Instructions to follow: The records below are to be retyped in full. Keep every word.

Materials provided:
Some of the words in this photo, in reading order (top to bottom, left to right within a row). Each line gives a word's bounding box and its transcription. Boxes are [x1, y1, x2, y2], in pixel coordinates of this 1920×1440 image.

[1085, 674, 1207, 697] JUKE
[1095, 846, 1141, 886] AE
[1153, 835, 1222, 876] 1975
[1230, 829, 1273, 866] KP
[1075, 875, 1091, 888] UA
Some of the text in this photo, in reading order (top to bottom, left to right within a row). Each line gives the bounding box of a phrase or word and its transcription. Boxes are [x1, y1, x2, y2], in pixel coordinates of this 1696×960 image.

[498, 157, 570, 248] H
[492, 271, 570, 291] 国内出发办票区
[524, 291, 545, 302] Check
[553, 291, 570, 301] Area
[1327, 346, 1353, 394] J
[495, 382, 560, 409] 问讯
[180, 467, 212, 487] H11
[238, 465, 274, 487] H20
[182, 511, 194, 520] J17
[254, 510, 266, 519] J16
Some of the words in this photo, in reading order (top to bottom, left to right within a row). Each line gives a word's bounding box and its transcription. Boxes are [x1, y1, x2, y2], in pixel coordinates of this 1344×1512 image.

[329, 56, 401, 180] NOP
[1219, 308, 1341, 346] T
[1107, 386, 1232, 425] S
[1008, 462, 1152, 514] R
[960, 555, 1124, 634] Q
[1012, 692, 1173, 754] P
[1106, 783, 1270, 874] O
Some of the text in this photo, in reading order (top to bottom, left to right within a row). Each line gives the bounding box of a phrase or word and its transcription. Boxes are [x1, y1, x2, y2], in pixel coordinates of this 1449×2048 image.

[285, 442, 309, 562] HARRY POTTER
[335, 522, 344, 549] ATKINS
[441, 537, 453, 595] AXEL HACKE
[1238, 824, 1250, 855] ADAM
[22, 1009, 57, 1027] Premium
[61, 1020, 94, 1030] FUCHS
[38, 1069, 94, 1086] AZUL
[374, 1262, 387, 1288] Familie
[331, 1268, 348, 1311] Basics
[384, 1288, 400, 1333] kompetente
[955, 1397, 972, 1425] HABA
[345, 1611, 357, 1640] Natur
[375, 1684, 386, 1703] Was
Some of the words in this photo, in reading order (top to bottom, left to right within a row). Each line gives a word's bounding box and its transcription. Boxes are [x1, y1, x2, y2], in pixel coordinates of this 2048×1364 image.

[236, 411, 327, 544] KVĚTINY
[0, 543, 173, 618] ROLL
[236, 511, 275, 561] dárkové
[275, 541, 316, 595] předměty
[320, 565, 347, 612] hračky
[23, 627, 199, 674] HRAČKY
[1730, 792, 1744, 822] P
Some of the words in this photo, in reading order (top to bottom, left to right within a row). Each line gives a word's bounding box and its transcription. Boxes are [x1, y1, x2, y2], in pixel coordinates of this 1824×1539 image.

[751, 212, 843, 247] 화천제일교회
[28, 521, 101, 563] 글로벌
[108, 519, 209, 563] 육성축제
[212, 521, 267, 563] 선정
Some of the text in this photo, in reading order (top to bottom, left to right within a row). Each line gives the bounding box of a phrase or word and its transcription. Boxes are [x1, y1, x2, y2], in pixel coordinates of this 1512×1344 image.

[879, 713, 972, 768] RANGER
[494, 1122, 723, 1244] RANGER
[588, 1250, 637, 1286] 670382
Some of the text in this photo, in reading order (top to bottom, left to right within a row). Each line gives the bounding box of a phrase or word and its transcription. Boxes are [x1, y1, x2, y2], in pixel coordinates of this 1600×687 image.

Solution below:
Some of the words in this photo, in reading order (top to bottom, left to right within a row). Each line gives a word's bounding box and its transcription. Boxes are [x1, y1, x2, y2], in pixel coordinates of this 1920×1440 image.

[1085, 674, 1207, 697] JUKE
[1095, 846, 1141, 886] AE
[1153, 835, 1222, 876] 1975
[1230, 829, 1273, 866] KP
[1075, 875, 1091, 888] UA
Some of the text in this photo, in reading order (top to bottom, left to right within a row). Each line gives the bounding box of a phrase or word and its transcription. Boxes are [x1, y1, x2, y2], in pixel coordinates of this 1696×960 image.

[498, 157, 570, 248] H
[492, 271, 570, 291] 国内出发办票区
[524, 291, 545, 302] Check
[553, 291, 570, 301] Area
[1327, 346, 1353, 394] J
[495, 382, 560, 409] 问讯
[180, 467, 212, 487] H11
[238, 465, 274, 487] H20
[182, 511, 194, 520] J17
[254, 510, 266, 519] J16
Some of the words in this photo, in reading order (top to bottom, left to right within a row). Each line gives a word's bounding box and its transcription. Boxes are [x1, y1, x2, y2], in pixel coordinates of this 1344×1512 image.

[329, 56, 401, 180] NOP
[1219, 308, 1341, 346] T
[1107, 386, 1232, 425] S
[1008, 462, 1152, 514] R
[960, 555, 1124, 634] Q
[1012, 692, 1173, 754] P
[1106, 783, 1270, 874] O
Some of the text in this photo, in reading order (top to bottom, left to right within a row). Each line gives the bounding box of a phrase or word and its transcription. Boxes are [x1, y1, x2, y2], in pixel coordinates of this 1449×2048 image.

[285, 442, 309, 562] HARRY POTTER
[335, 522, 344, 549] ATKINS
[441, 537, 453, 595] AXEL HACKE
[1238, 824, 1250, 855] ADAM
[22, 1009, 57, 1027] Premium
[61, 1020, 94, 1030] FUCHS
[38, 1069, 94, 1086] AZUL
[374, 1262, 387, 1288] Familie
[331, 1268, 348, 1311] Basics
[384, 1288, 400, 1333] kompetente
[955, 1397, 972, 1425] HABA
[345, 1611, 357, 1640] Natur
[375, 1684, 386, 1703] Was
Some of the words in this photo, in reading order (top to bottom, left to right within a row). Each line gives a word's bounding box and its transcription. Boxes are [x1, y1, x2, y2], in pixel coordinates of this 2048×1364 image.

[236, 411, 327, 544] KVĚTINY
[0, 543, 173, 618] ROLL
[236, 511, 275, 561] dárkové
[275, 541, 316, 595] předměty
[320, 565, 347, 612] hračky
[23, 627, 199, 674] HRAČKY
[1730, 792, 1744, 822] P
Some of the words in this photo, in reading order (top to bottom, left to right within a row). Each line gives a word's bounding box and its transcription. Boxes are [x1, y1, x2, y2], in pixel coordinates of this 1824×1539 image.

[751, 212, 843, 247] 화천제일교회
[28, 521, 101, 563] 글로벌
[108, 519, 209, 563] 육성축제
[212, 521, 267, 563] 선정
Some of the text in this photo, in reading order (top to bottom, left to right within a row). Each line gives the bounding box of a phrase or word and its transcription. Boxes are [x1, y1, x2, y2], in pixel coordinates of this 1512×1344 image.

[879, 713, 972, 768] RANGER
[494, 1122, 723, 1244] RANGER
[588, 1250, 637, 1286] 670382
Some of the text in this photo, in reading order (top to bottom, left to right within a row). Each line gives the bounding box of a phrase or word and its transcription. Boxes are [x1, y1, x2, y2], in pixel coordinates of this 1600×687 image.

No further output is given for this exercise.